Ireland unveiled the harshest budget measures in its history Wednesday, a four-year plan to slash deficits euro15 billion ($20 billion) so it can get a massive bailout from the European Union and the International Monetary Fund.
The plan seeks to cut euro10 billion ($13.3 billion) from spending and raise euro5 billion ($6.7 billion) in extra taxes from 2011 to 2014. It axes thousands of state jobs, welfare benefits, and pension payments while raising university fees and taxes, forcing even Prime Minister Brian Cowen to concede it will hurt the living standard of everyone in the nation.
Analysts, meanwhile, feared that the size of the EU-IMF bailout — estimated at euro85 billion ($115 billion) — will be too little to save Ireland from an eventual default.

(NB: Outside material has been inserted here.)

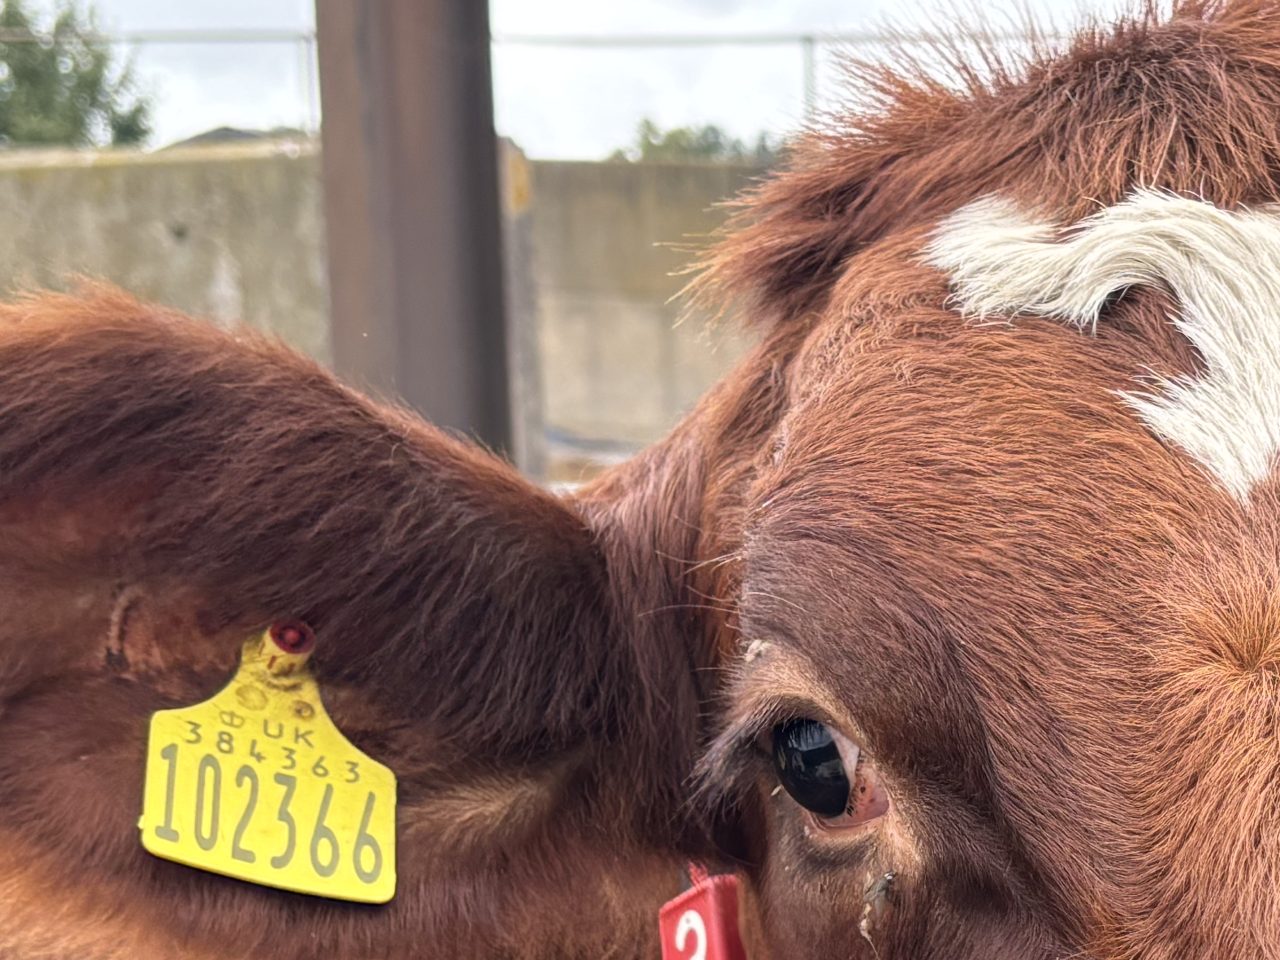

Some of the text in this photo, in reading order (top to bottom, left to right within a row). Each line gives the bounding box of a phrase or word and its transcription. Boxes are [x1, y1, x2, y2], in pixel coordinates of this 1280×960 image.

[184, 721, 361, 783] 384363
[263, 719, 314, 749] UK
[154, 743, 383, 884] 102366
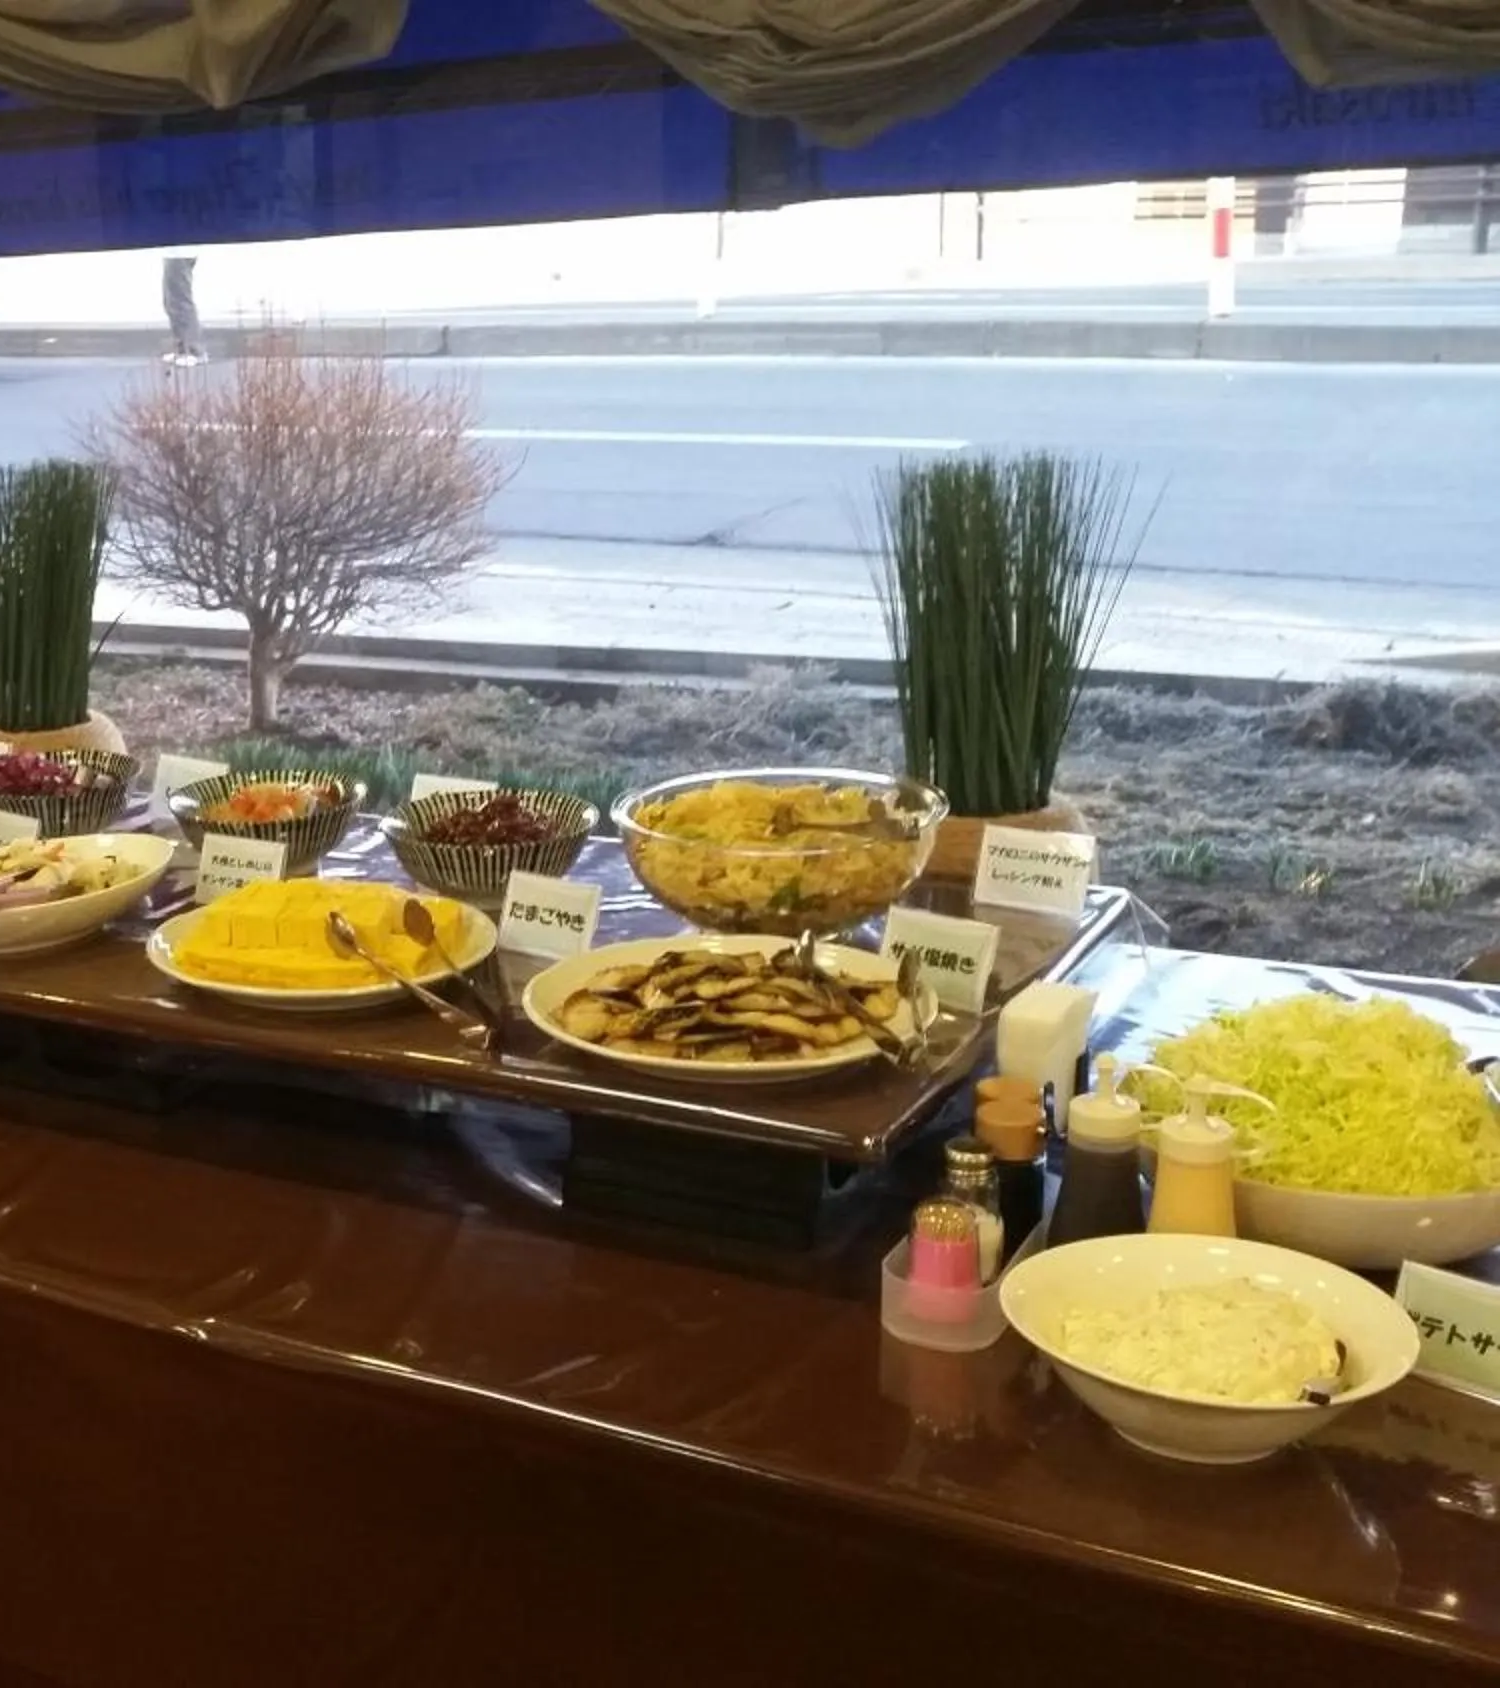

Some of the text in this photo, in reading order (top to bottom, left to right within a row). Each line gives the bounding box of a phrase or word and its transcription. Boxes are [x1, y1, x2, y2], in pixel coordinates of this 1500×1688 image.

And bank shares plummeted for a third straight day on the Irish Stock Exchange in growing expectation that investors would be wiped out if the government is forced to seize total control of the country's two dominant banks, Allied Irish and Bank of Ireland.
"The government is completely in denial about the amount of money they'll have to borrow," said Constantin Gurdgiev, a finance lecturer at Trinity College Dublin and an economics adviser to IBM in Europe.
Ireland is still negotiating the terms of the bailout with European Central Bank and IMF experts. It hopes the tough budgetary medicine will permit its 2014 deficit to fall to 3 percent of gross domestic product, the limit for the 16 nations that use the euro currency.
While most eurozone members are violating that rule, Ireland's deficit this year is forecast to reach 32 percent, a modern European record, fueled by exceptional costs from Ireland's unfathomable bank-bailout effort.
Expect a few more Irish immigrants soon.